Saved entries
______________________________
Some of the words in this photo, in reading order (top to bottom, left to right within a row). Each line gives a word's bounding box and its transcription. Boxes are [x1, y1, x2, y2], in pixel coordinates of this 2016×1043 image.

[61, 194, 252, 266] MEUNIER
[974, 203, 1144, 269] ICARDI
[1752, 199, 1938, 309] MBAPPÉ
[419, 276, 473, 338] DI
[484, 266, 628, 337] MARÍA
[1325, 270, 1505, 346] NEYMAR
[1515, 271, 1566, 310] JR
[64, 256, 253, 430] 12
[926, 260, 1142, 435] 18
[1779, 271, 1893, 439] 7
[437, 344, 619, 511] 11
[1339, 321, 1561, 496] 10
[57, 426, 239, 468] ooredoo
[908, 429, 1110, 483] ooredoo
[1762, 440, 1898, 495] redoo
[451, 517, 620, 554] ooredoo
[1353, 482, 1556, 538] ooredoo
______________________________
◆ **WORK ITEM**
Repeat the data verbatim, line after line, leaving nothing out.

◆ **TASK RESULT**
Some of the words in this photo, in reading order (top to bottom, left to right within a row). Each line gives a word's bounding box and its transcription. Boxes are [x1, y1, x2, y2], in pixel coordinates of this 2016×1043 image.

[61, 194, 252, 266] MEUNIER
[974, 203, 1144, 269] ICARDI
[1752, 199, 1938, 309] MBAPPÉ
[419, 276, 473, 338] DI
[484, 266, 628, 337] MARÍA
[1325, 270, 1505, 346] NEYMAR
[1515, 271, 1566, 310] JR
[64, 256, 253, 430] 12
[926, 260, 1142, 435] 18
[1779, 271, 1893, 439] 7
[437, 344, 619, 511] 11
[1339, 321, 1561, 496] 10
[57, 426, 239, 468] ooredoo
[908, 429, 1110, 483] ooredoo
[1762, 440, 1898, 495] redoo
[451, 517, 620, 554] ooredoo
[1353, 482, 1556, 538] ooredoo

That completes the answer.